• _YOUR OBJECTIVE_
For the records that follow, restate each one word for word and leave the images behind.
Content starts
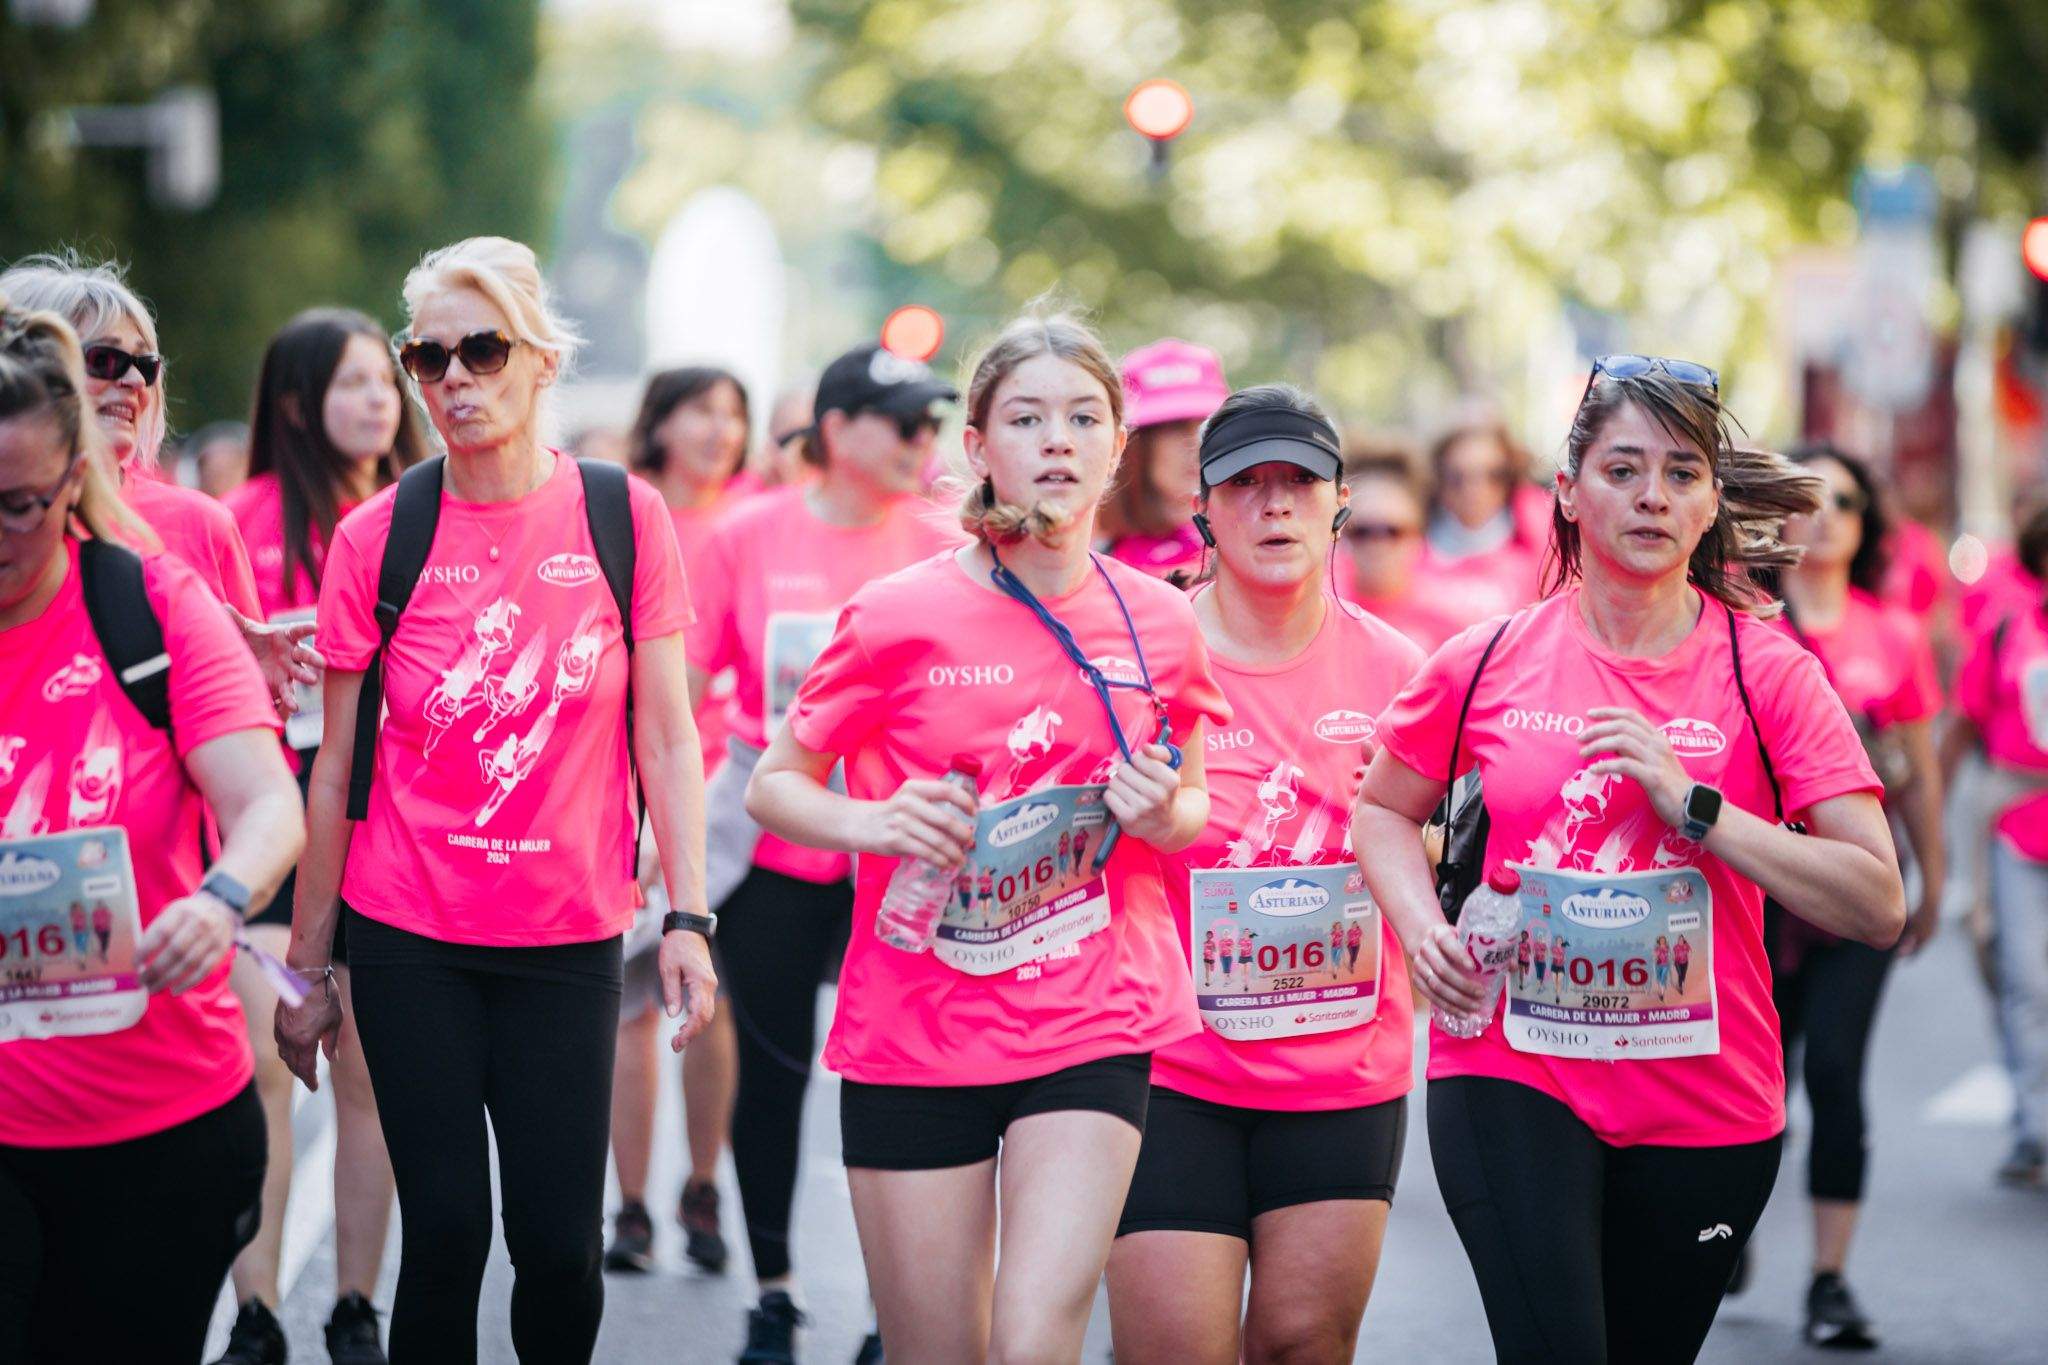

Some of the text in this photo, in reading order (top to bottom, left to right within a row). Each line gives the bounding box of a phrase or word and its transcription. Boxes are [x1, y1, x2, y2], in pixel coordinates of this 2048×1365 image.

[929, 664, 1014, 686] OYSHO
[1321, 723, 1372, 736] ASTURIANA
[1503, 708, 1584, 736] OYSHO
[1206, 729, 1254, 751] SHO
[994, 811, 1056, 842] ASTURIANA
[448, 833, 551, 852] CARRERA DE LA MUJER
[487, 851, 510, 864] 2024
[998, 856, 1054, 903] 016
[1008, 895, 1041, 918] 10750
[1254, 894, 1325, 909] ASTURIANA
[1566, 901, 1645, 919] ASTURIANA
[955, 889, 1087, 943] CARRERA DE LA MUJER MADRID
[954, 945, 1015, 964] OYSHO
[1257, 941, 1325, 972] 016
[1016, 966, 1042, 982] 2024
[1569, 957, 1648, 987] 016
[1273, 976, 1304, 991] 2522
[1216, 986, 1358, 1007] CARRERA DE LA MUJER MADRID
[1583, 996, 1629, 1010] 29072
[1215, 1015, 1274, 1030] OYSHO
[1308, 1008, 1359, 1023] Santander
[1530, 1005, 1690, 1024] CARRERA DE LA MUJER MADRID
[1527, 1026, 1588, 1046] OYSHO
[1632, 1034, 1694, 1047] Santander
Content ends
• _FINISHED TASK_
Some of the text in this photo, in reading order (top to bottom, left to right within a row). Each line gives the bounding box of a phrase or word and its transcription. Boxes are [x1, y1, x2, y2], in pixel coordinates of this 2048×1365 image.

[929, 664, 1014, 686] OYSHO
[1321, 723, 1372, 736] ASTURIANA
[1503, 708, 1584, 736] OYSHO
[1206, 729, 1254, 751] SHO
[994, 811, 1056, 842] ASTURIANA
[448, 833, 551, 852] CARRERA DE LA MUJER
[487, 851, 510, 864] 2024
[998, 856, 1054, 903] 016
[1008, 895, 1041, 918] 10750
[1254, 894, 1325, 909] ASTURIANA
[1566, 901, 1645, 919] ASTURIANA
[955, 889, 1087, 943] CARRERA DE LA MUJER MADRID
[954, 945, 1015, 964] OYSHO
[1257, 941, 1325, 972] 016
[1016, 966, 1042, 982] 2024
[1569, 957, 1648, 987] 016
[1273, 976, 1304, 991] 2522
[1216, 986, 1358, 1007] CARRERA DE LA MUJER MADRID
[1583, 996, 1629, 1010] 29072
[1215, 1015, 1274, 1030] OYSHO
[1308, 1008, 1359, 1023] Santander
[1530, 1005, 1690, 1024] CARRERA DE LA MUJER MADRID
[1527, 1026, 1588, 1046] OYSHO
[1632, 1034, 1694, 1047] Santander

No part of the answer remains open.